Ein Beitrag von Sebastian Seidler

Der Klassiker unter den redaktionellen Evergreens: Die Filmliste mit den besten, ja wirklich allerbesten Weihnachtsfilmen für die Festtage. Aber was für ein Bild von Weihnachten präsentieren uns diese Filme eigentlich? Und welche Werte werden da vermittelt? Ein Text über Familienbilder, subversive Momente und blutigen Auswege aus der Weihnachtsfalle. 

Meinungen
Christmas

Jedes Jahr das gleiche Spiel: Kaum hat der Dezember begonnen, schießen all die unzähligen Auflistungen der besten Weihnachtsfilme aus allen Winkeln des Internets.
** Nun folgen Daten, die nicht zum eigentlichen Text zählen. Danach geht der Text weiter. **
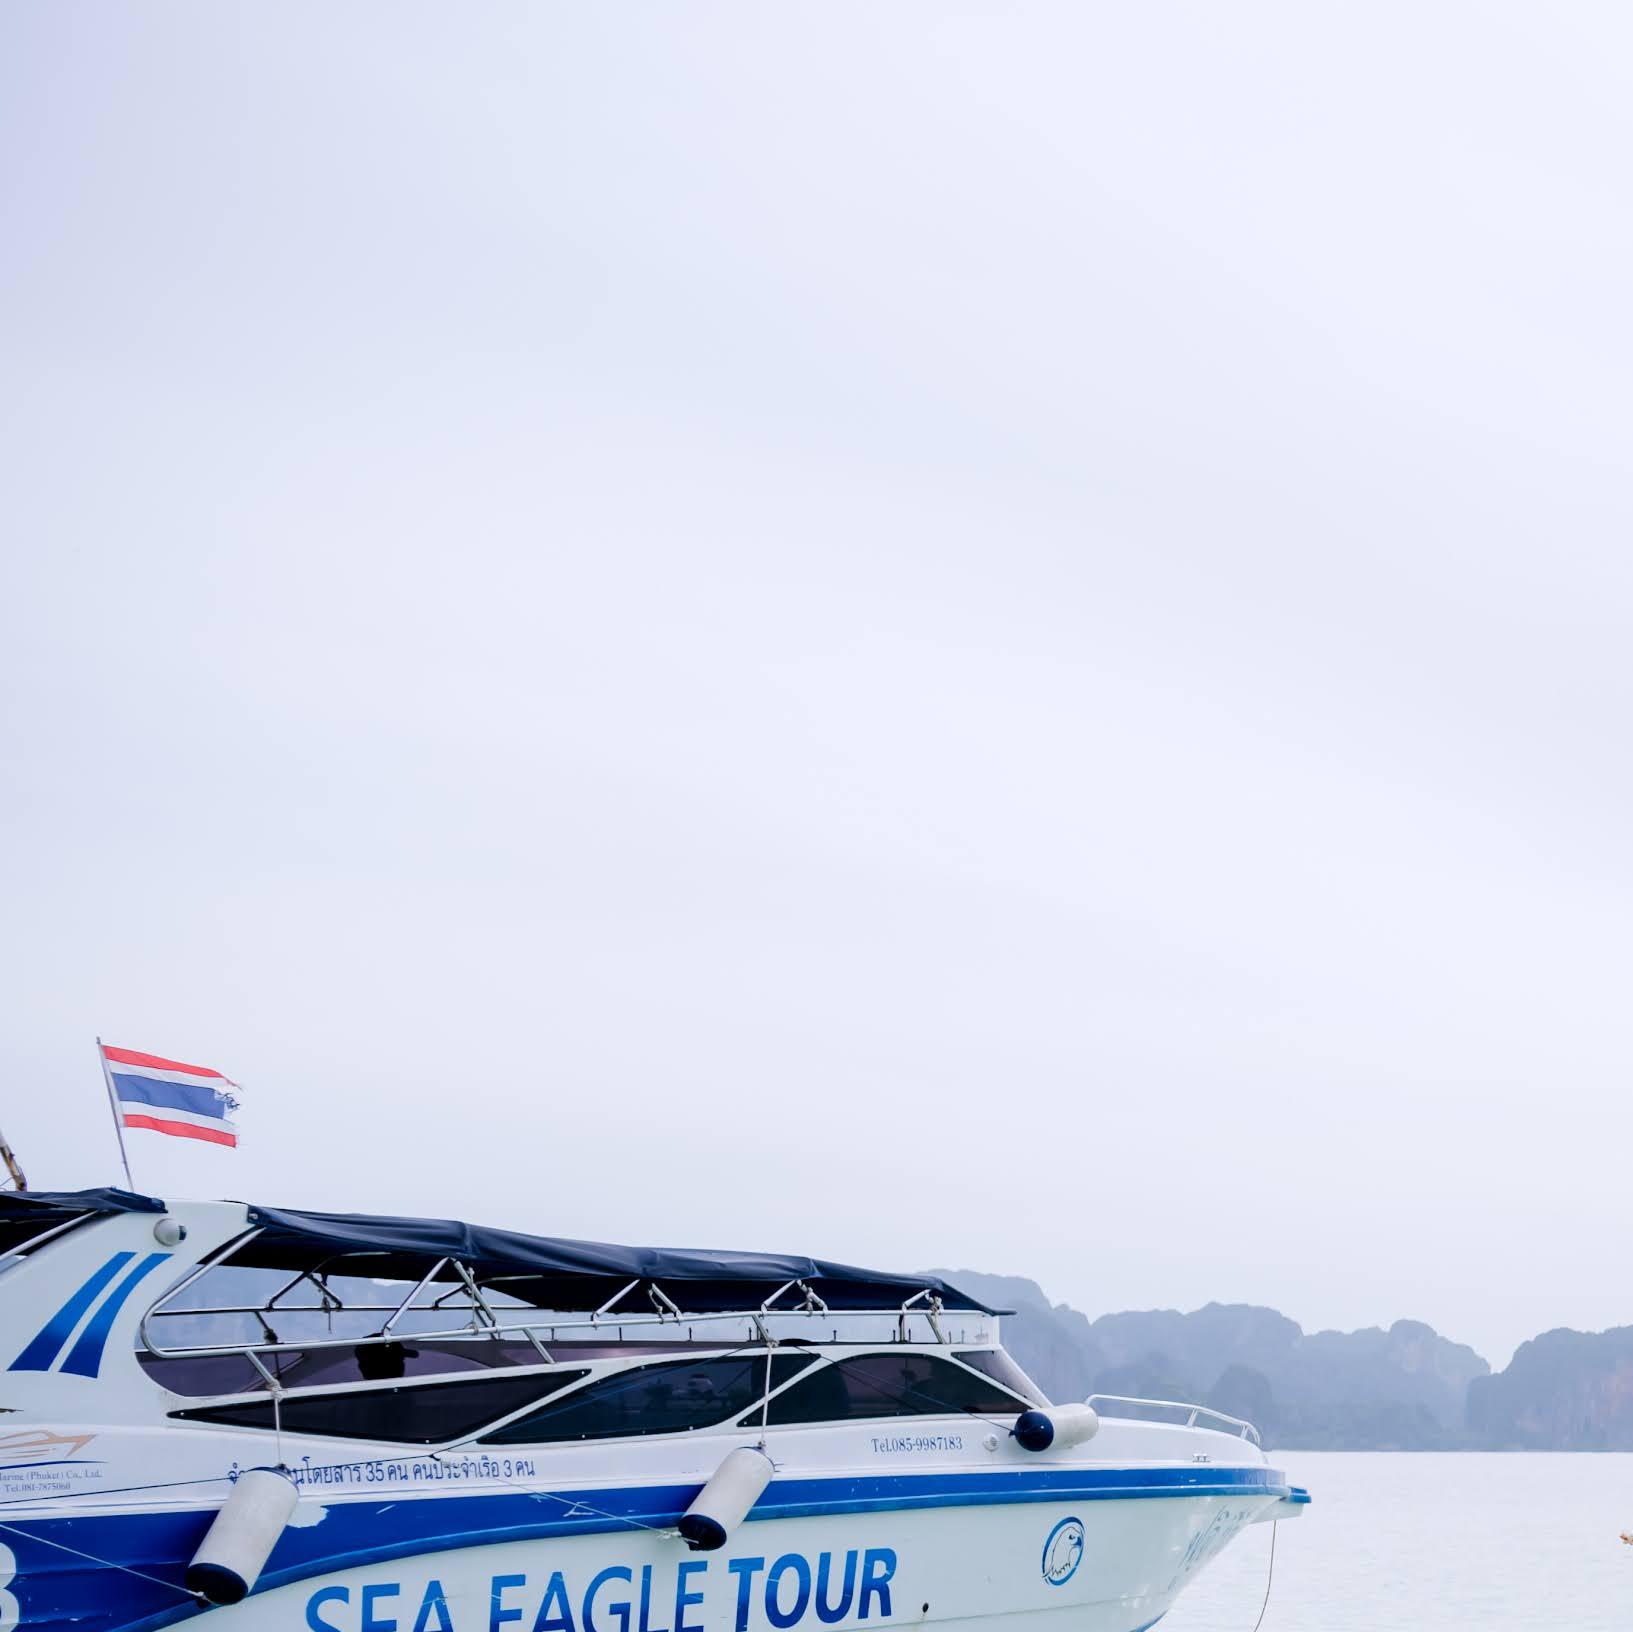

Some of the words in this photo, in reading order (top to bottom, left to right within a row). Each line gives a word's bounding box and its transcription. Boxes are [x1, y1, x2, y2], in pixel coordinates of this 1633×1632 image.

Liebesschmonzetten, die nach Festtagsbraten riechen, daran soll sich unser Herz erwärmen und die ewigen Klassiker die nostalgischen Gefühle kitzeln. Für den Weihnachtsmuffel gibt es selbstverständlich die Actionkracher, bei denen ein bisschen Weihnachtsmusik und ein kümmerlicher Weihnachtsbaum im Hintergrund für die festliche Stimmung gereicht werden, während die ältere Generation mit andächtigem Schwarz-Weiß sediert wird.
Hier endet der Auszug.